Exercise details
Please give back, exactly as written, the lines from the line with "this 1360×1536 image." to the line with "this 1288×966 image." in the listing below, leaving out all pictures.
(Data for this exercise)
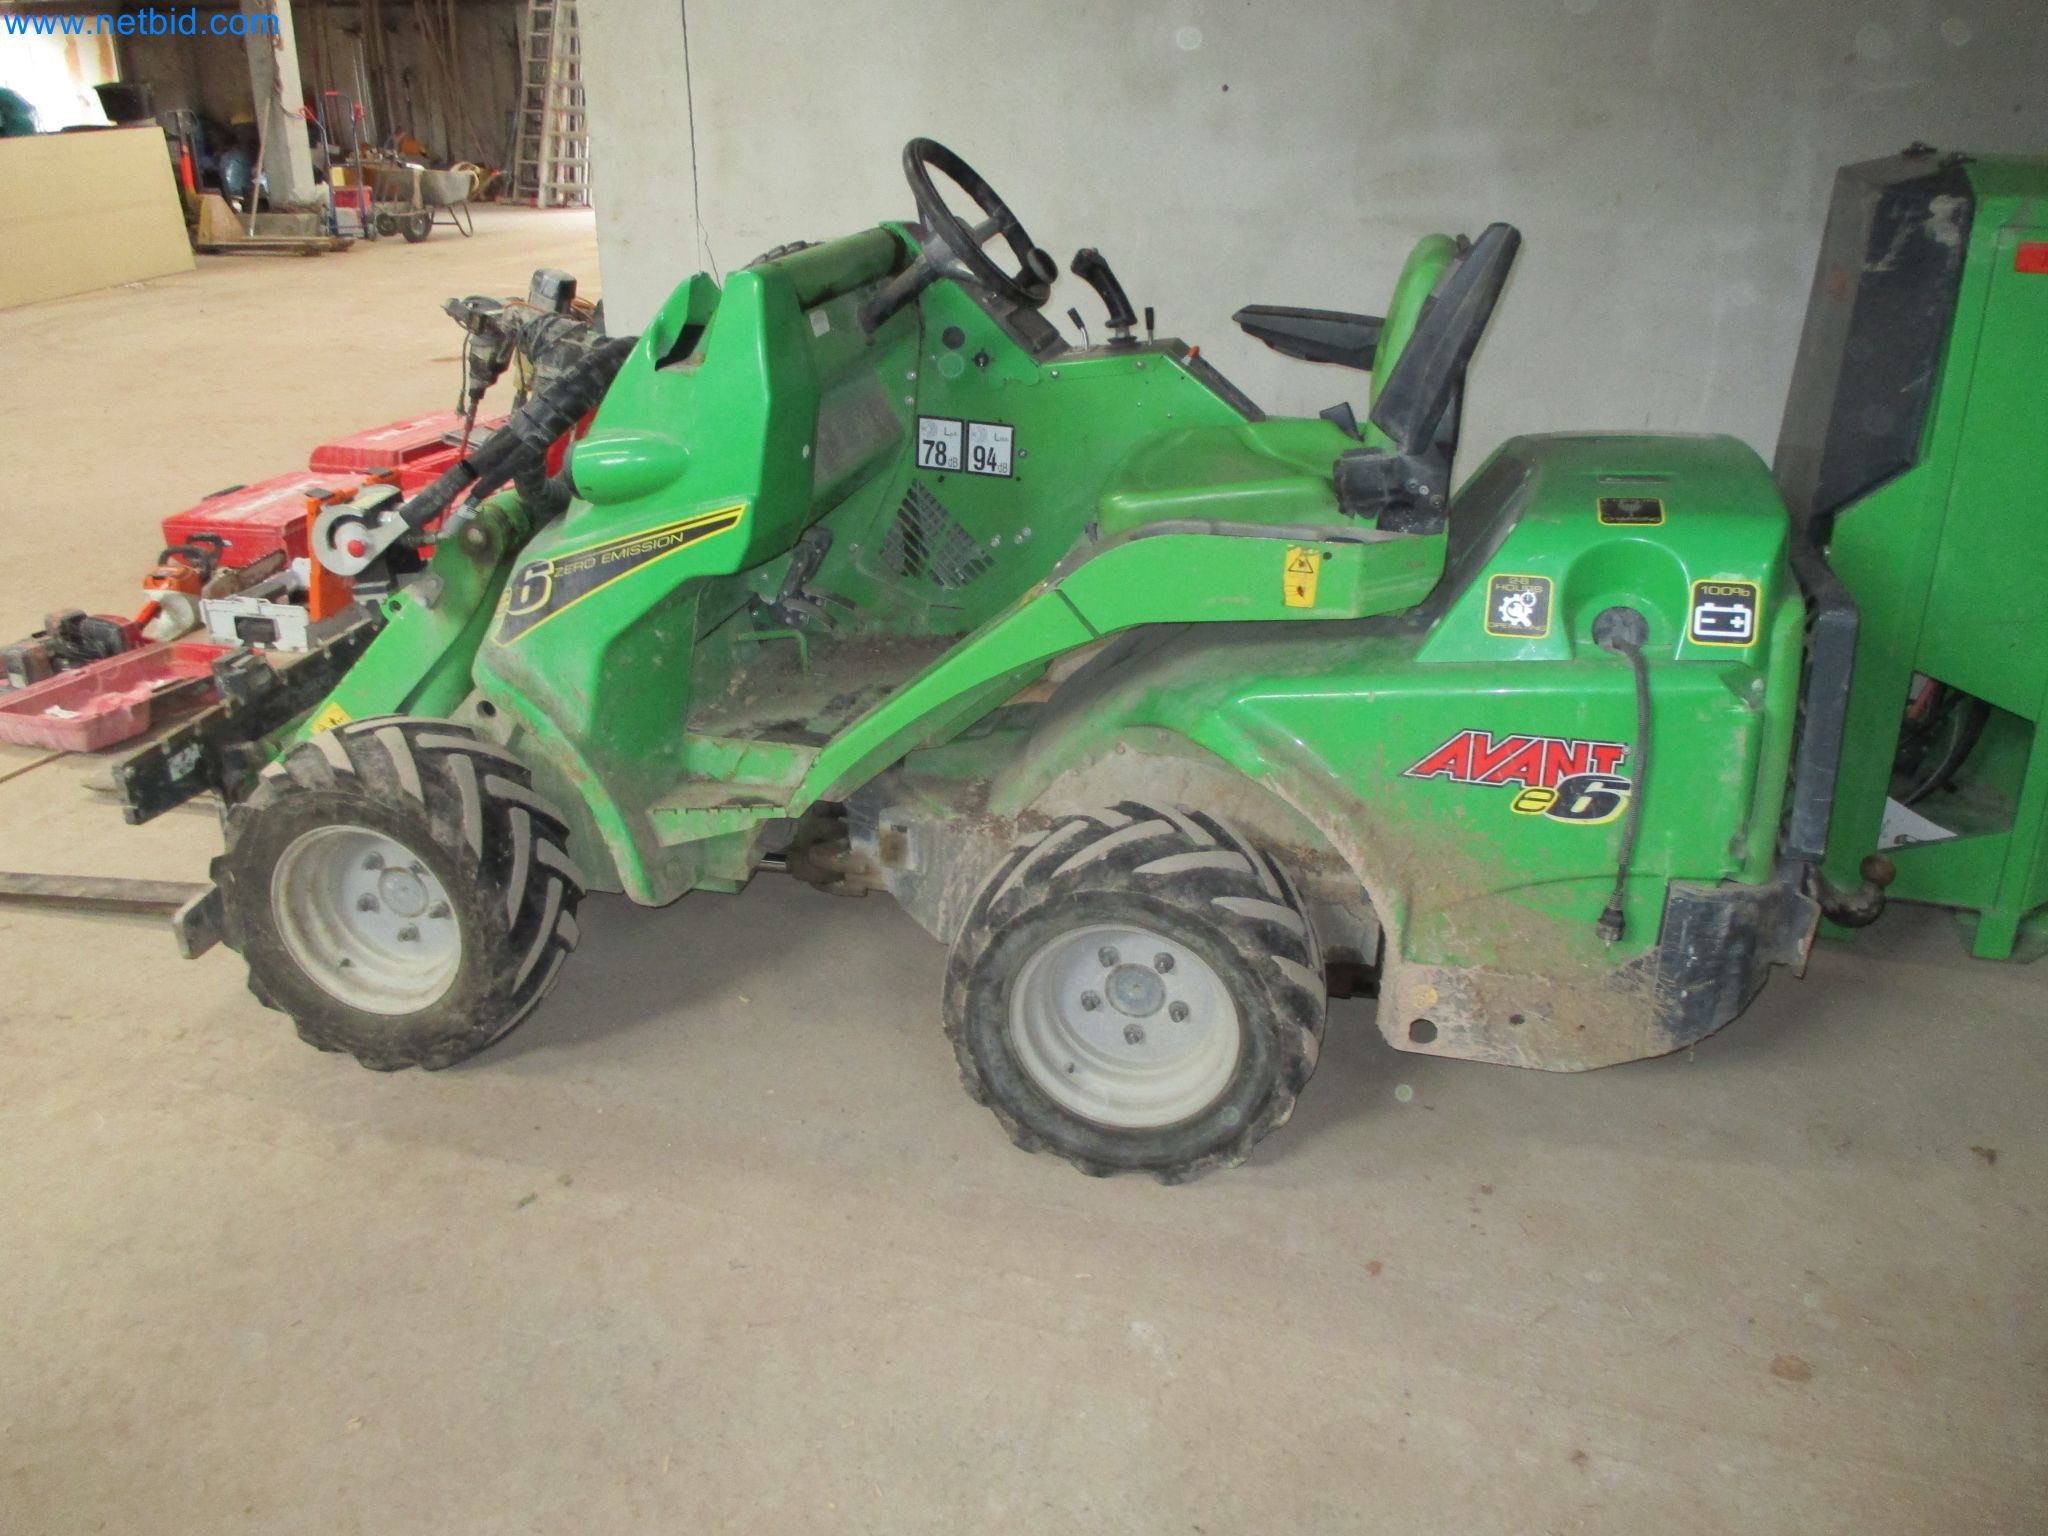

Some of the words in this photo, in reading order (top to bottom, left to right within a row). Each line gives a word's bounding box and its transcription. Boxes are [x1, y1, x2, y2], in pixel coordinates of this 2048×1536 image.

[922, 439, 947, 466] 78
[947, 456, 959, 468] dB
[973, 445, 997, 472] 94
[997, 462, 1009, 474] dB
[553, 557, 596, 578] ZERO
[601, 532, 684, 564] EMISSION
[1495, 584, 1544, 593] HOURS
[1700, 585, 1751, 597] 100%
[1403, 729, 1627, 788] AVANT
(End Data for this exercise)
(Data for this exercise)
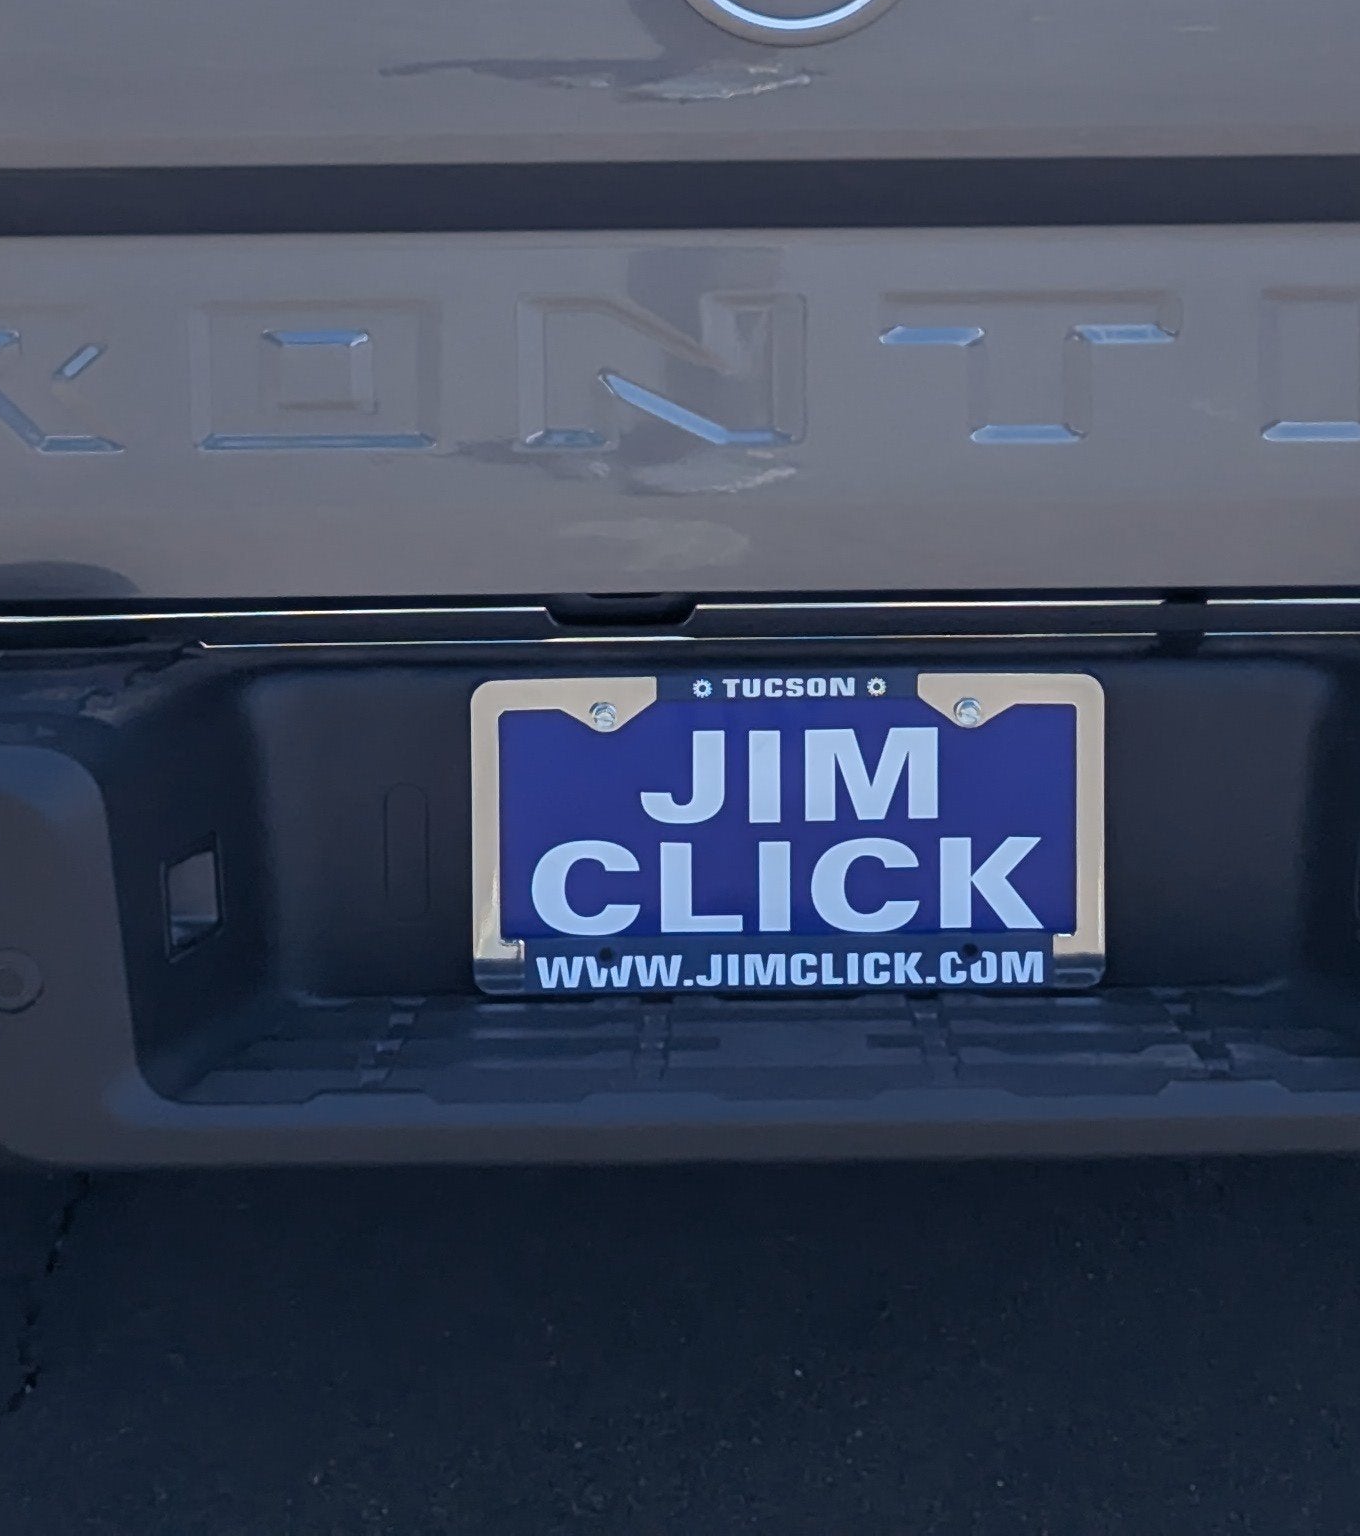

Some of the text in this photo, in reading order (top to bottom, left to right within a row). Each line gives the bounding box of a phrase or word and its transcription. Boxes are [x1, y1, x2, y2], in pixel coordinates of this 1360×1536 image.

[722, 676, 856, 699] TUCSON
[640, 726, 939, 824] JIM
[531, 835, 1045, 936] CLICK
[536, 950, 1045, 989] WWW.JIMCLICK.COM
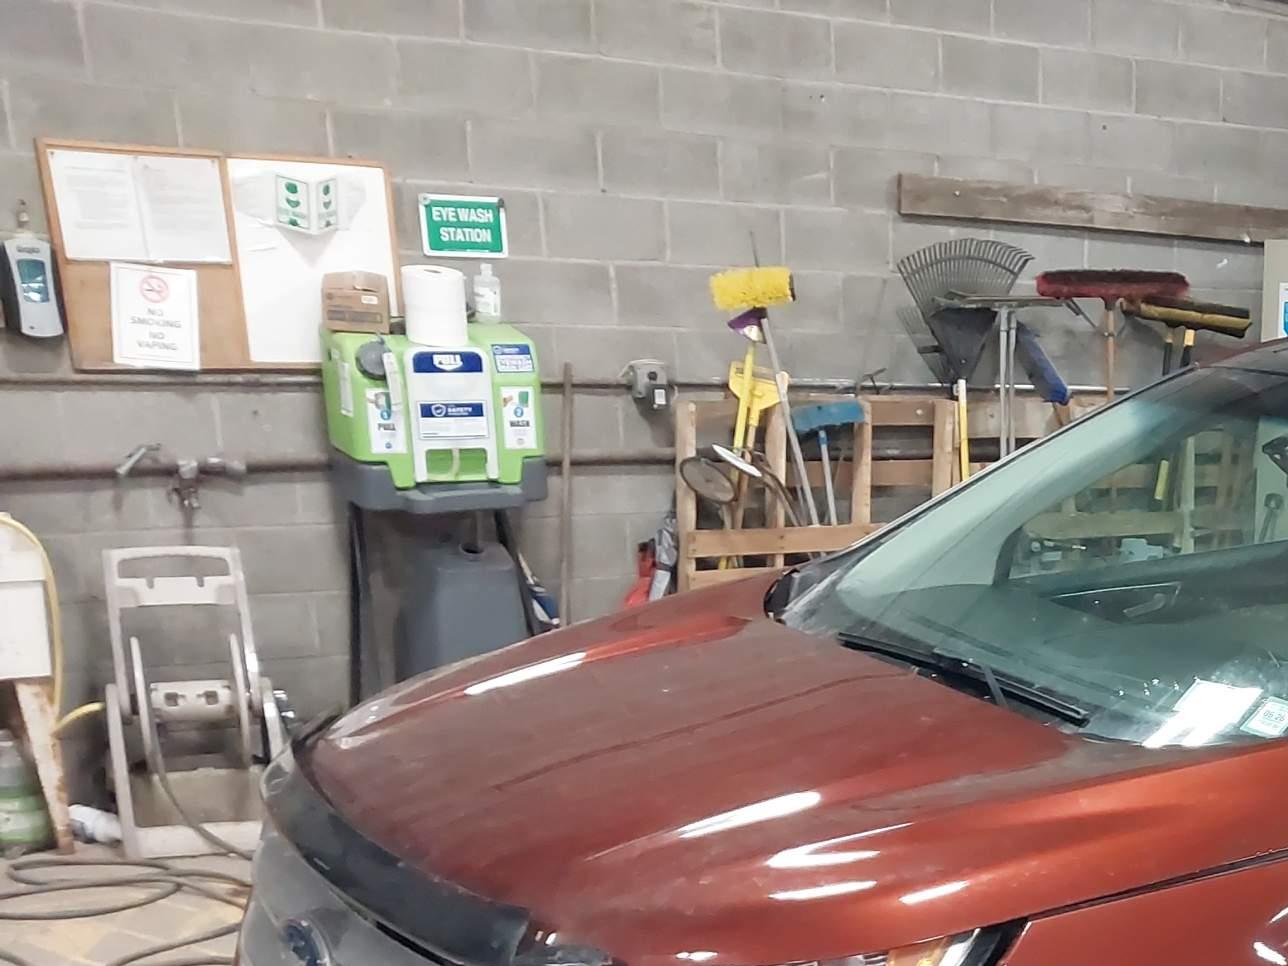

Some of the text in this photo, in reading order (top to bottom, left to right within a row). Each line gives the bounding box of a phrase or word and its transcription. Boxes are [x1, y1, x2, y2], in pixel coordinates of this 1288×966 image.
(End Data for this exercise)
Response to the task
Some of the text in this photo, in reading order (top to bottom, left to right within a row). Each line gives the bounding box of a phrase or word and its transcription. Boxes are [x1, y1, x2, y2], in pixel coordinates of this 1360×1536 image.

[722, 676, 856, 699] TUCSON
[640, 726, 939, 824] JIM
[531, 835, 1045, 936] CLICK
[536, 950, 1045, 989] WWW.JIMCLICK.COM

Some of the text in this photo, in reading order (top to bottom, left to right within a row). Each line gives the bounding box of a phrase or word and its transcription. Boxes are [x1, y1, x2, y2], in pixel coordinates of this 1288×966 image.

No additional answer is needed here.